Early exercising is most beneficial before the valuation of company shares. As a company grows and becomes more successful, the valuation of company shares increases and in turn, your tax bill at exercise also increases. With early exercise, you are paying taxes on an earlier, lower valuation. Our advisors will take in all considerations regarding your stock options and determine whether exercising early is the right option for you. 


Exchange Fund

An Exchange Fund is a potential solution for clients with one or more large-concentrated stock positions, often with a low-cost basis.  Rather than realizing a capital gain through immediate sale of the stock positions, clients can diversify their holdings by exchanging their stock shares for shares of an Exchange Fund. A client must have at least $1,000,000 of acceptable stocks. 

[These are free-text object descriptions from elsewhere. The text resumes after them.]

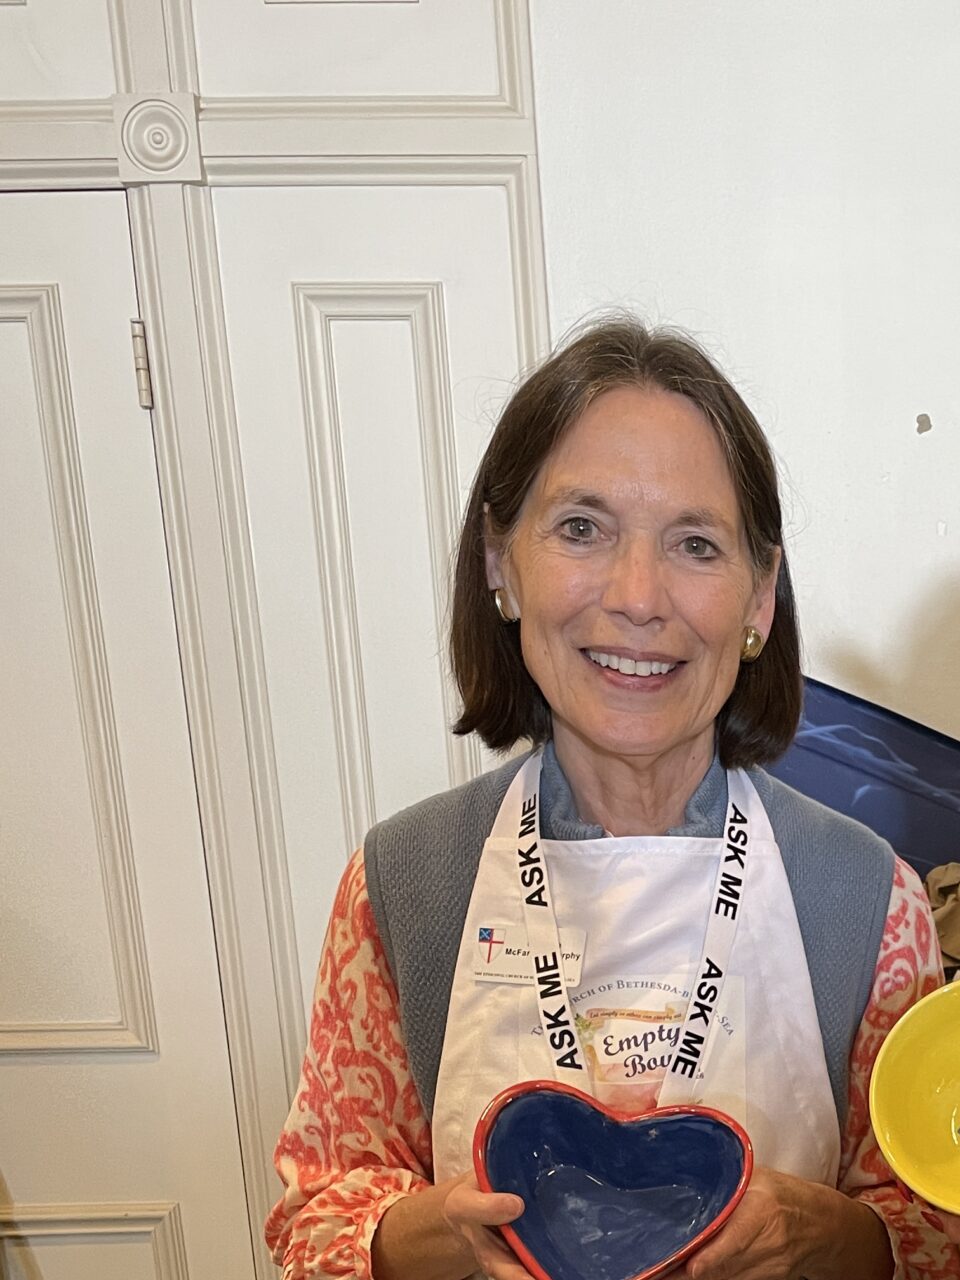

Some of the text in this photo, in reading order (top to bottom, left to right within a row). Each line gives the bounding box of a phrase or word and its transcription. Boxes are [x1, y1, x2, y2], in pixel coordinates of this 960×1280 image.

[518, 793, 548, 908] ASK ME
[714, 803, 748, 920] ASK ME
[534, 951, 584, 1070] ASK ME
[598, 983, 614, 993] OF
[603, 1024, 681, 1056] Empty
[671, 957, 723, 1079] ASK ME
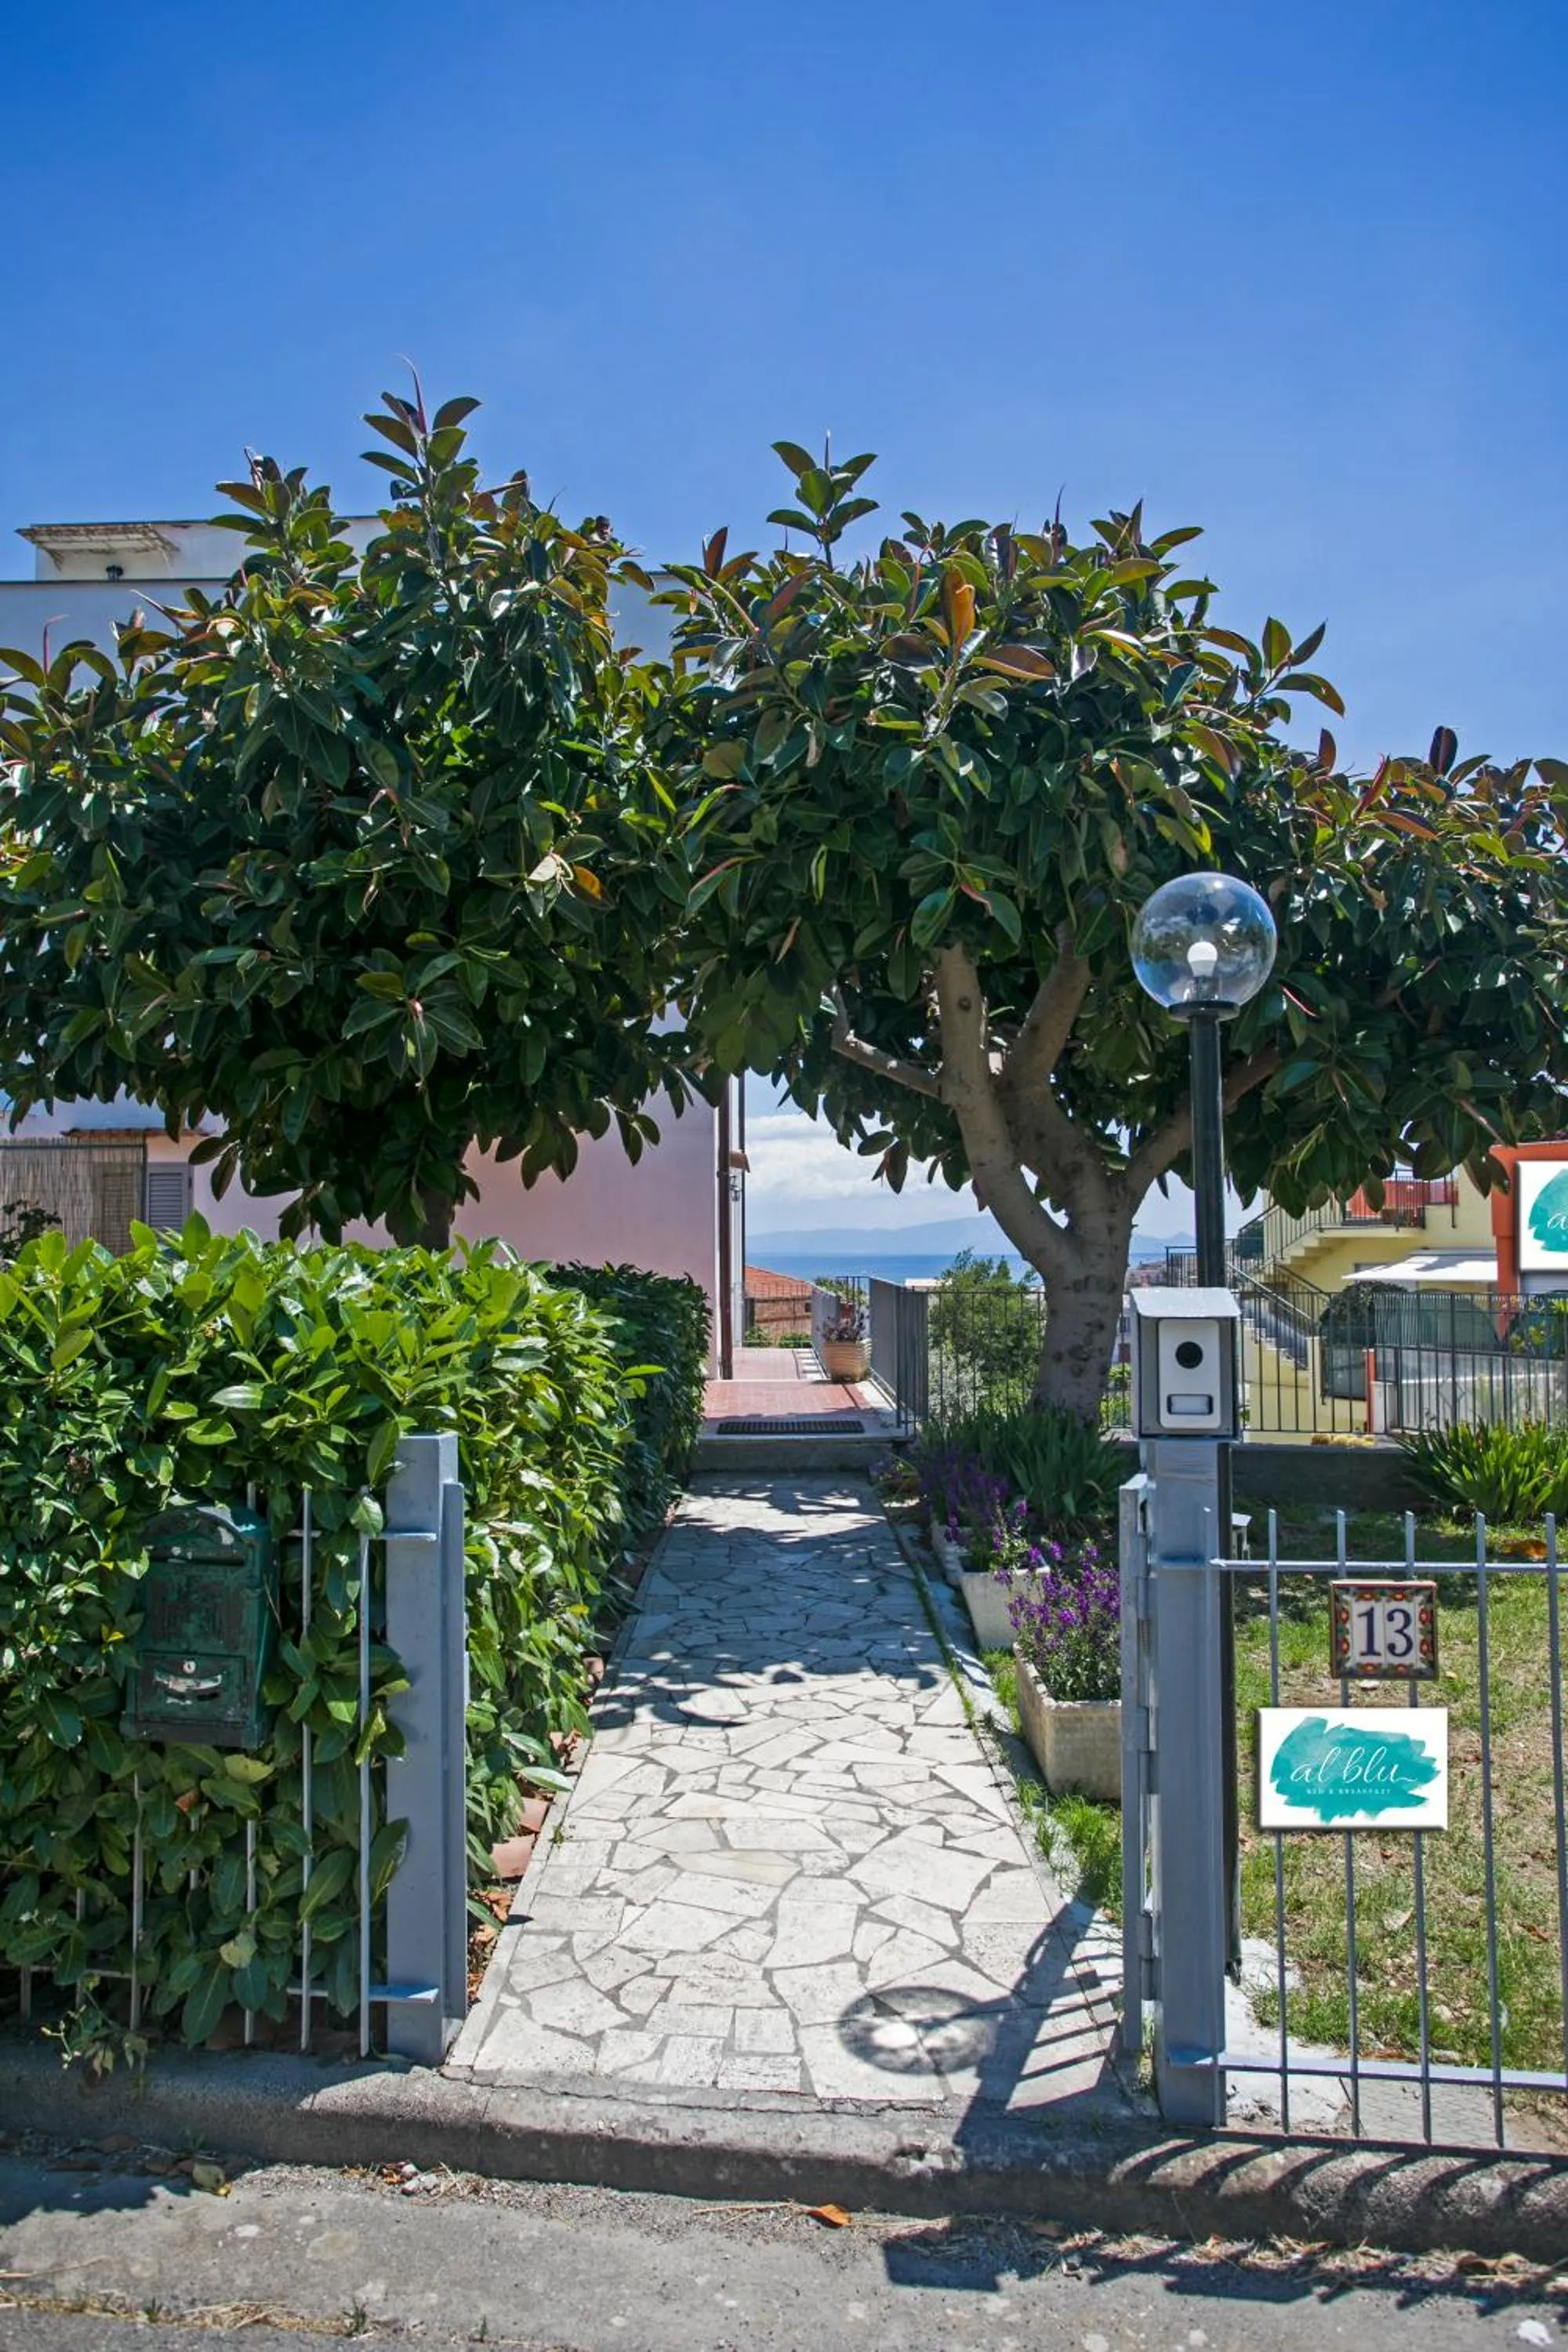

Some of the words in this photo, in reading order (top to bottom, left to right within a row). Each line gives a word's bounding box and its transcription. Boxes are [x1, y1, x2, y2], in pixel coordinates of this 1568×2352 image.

[1358, 1606, 1414, 1657] 13
[1290, 1746, 1341, 1783] al
[1342, 1746, 1418, 1784] blu

Incentive Stock Option (ISO) 

A form of equity compensation offered to employees of a company. When you have ISOs from a company, you have the right to buy shares at a predetermined price (exercise price) that is often below the current market price. You also have greater tax benefits - exercising an ISO is ignored when calculating regular federal income tax (unlike NSOs). It is treated as income solely to calculate alternative minimum tax (AMT). 

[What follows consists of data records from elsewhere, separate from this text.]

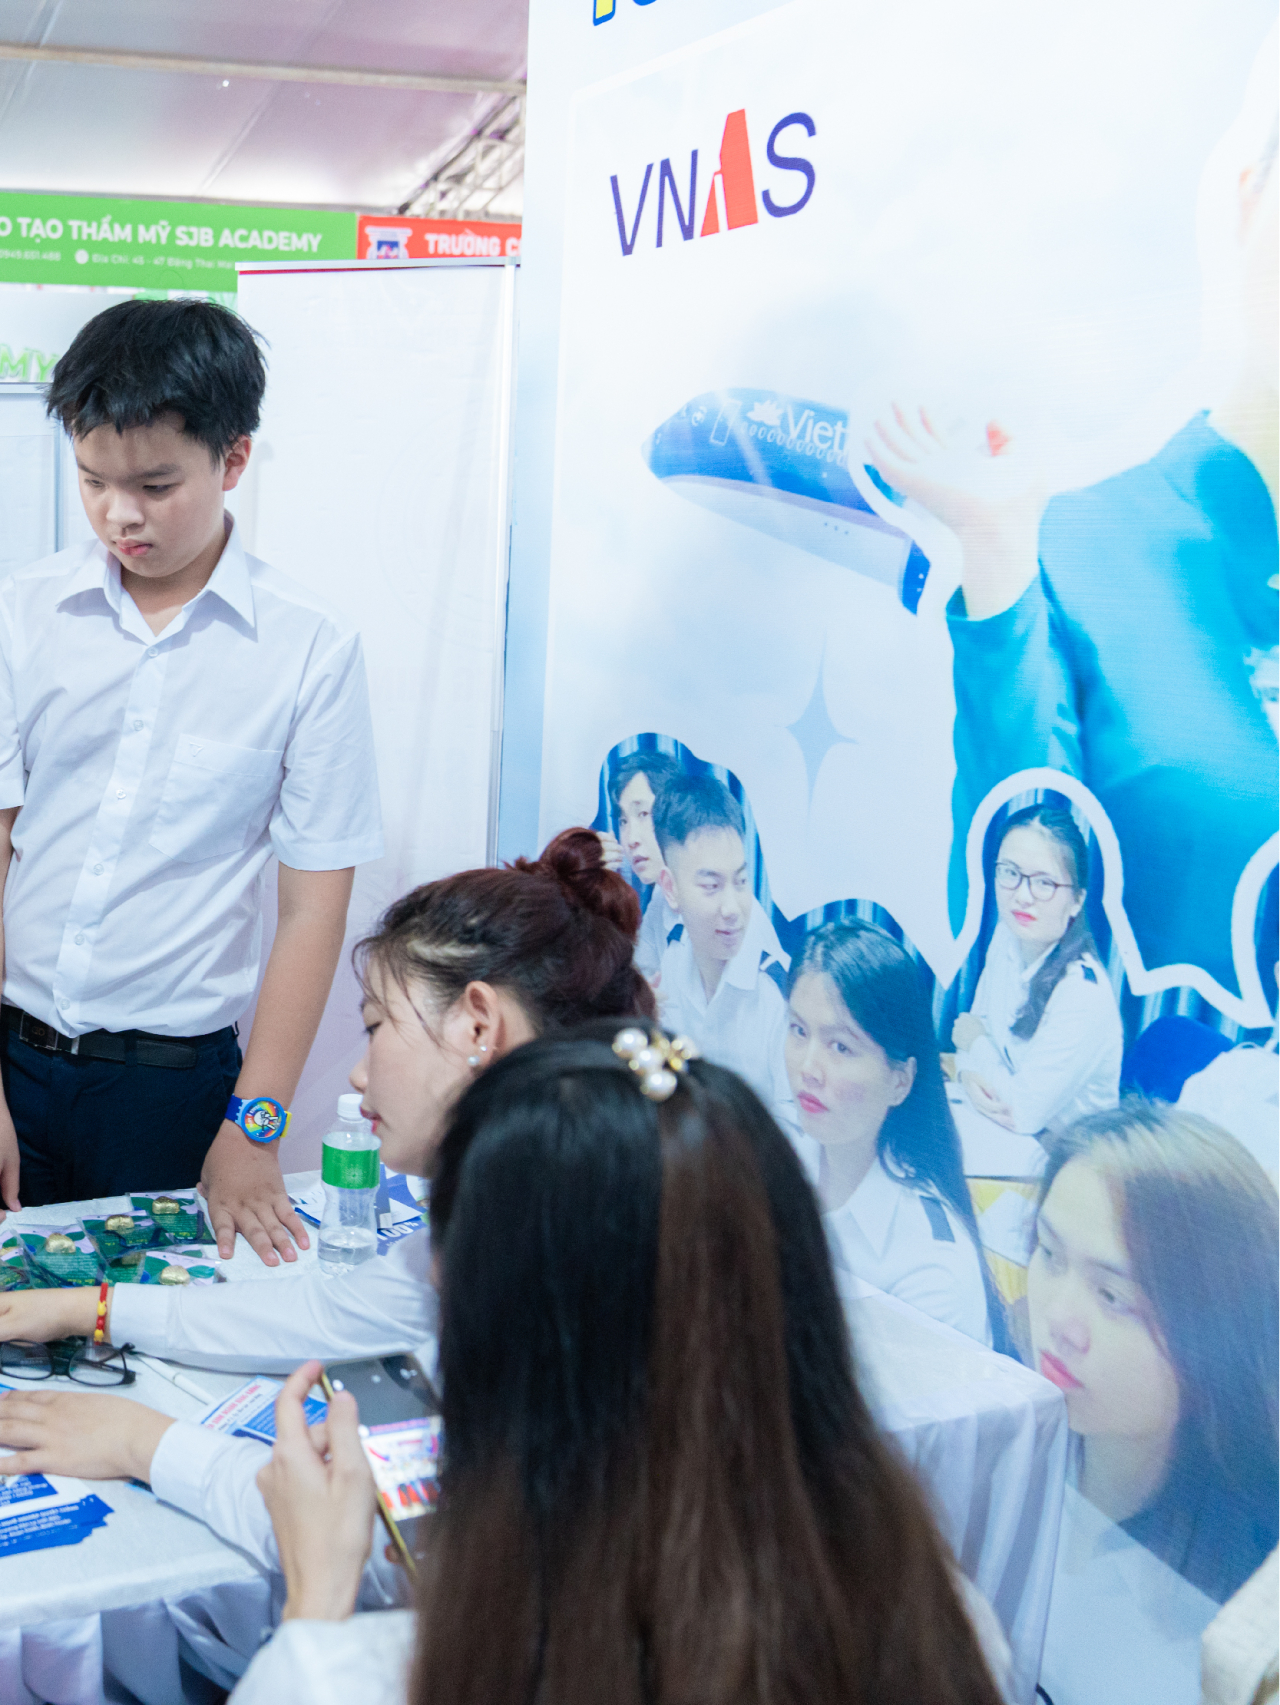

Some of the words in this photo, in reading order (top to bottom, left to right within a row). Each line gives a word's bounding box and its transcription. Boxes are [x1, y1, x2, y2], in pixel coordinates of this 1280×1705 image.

[17, 217, 64, 243] TẠO
[137, 220, 171, 245] MỸ
[175, 226, 214, 248] SJB
[219, 228, 323, 253] ACADEMY
[424, 228, 501, 257] TRƯỜNG
[505, 236, 522, 257] C

Non-Qualified Stock Option (NSO) 

Similar to ISOs, NSOs are a form of equity compensation offered to employees of a company where they can buy shares at a predetermined price (exercise price) that is often below the current market price. Because the spread between exercise price and current stock price will be reported on your W-2, you will pay the standard income tax rate on this difference (unlike ISOs). 


Qualified Opportunity Zone


The 2017 Tax Cuts and Jobs Act established the Qualified Opportunity Zone program to provide a tax incentive for private, long-term investment in economically distressed communities. Investors in these programs are given an opportunity to defer and potentially reduce tax on recognized capital gains.

What is an Opportunity Zone? 

An Opportunity Zone is a community nominated by the state and certified by the Treasury Department as qualifying for this program. As of June 14, 2018, the department certified zones in all 50 states, Washington, D.C., and U.S. territories. There are approximately 8,700 Opportunity Zones nationwide. A list can be found at


Restricted Stock Unit (RSU)

Another form of equity compensation offered to an employee by a company. RSUs are shares of a company that are simply given to an employee and do not need to be exercised like ISOs and NQSOs. However, there is usually a vesting period that an employee must have to wait before RSUs are of any value. RSUs become of value on the vesting date as the employee then no longer holds RSUs, but rather owns shares of company stock. For example, if you have 1,000 RSUs that vest on January 1st and your company’s shares are trading at $10 on January 1st, then you would now own 1,000 shares of your company’s stock worth $10,000.   


Tax Withholding 

As an employee, your company automatically withholds money from your paycheck and sends it to the government as taxes on your behalf. This is known as tax withholding. When it is time to file your taxes in the spring, you calculate your tax bill and it is compared against what was withheld. If more money was withheld than your actual tax bill, you will receive a refund from the state or federal government for the difference. 

83(b) Election

If you exercise your stock options early, you will need to file an 83(b) election with the IRS within 30 days. With the 83(b) election, you are opting to pay tax on the valuation of the company’s shares today versus on the valuation in the future. 

Filing an 83(b) requires individuals to send a completed form and cover letter (available online) to both the IRS office and their company. Our advisors will assist with this process to ensure all filing requirements are met before the 30-day deadline.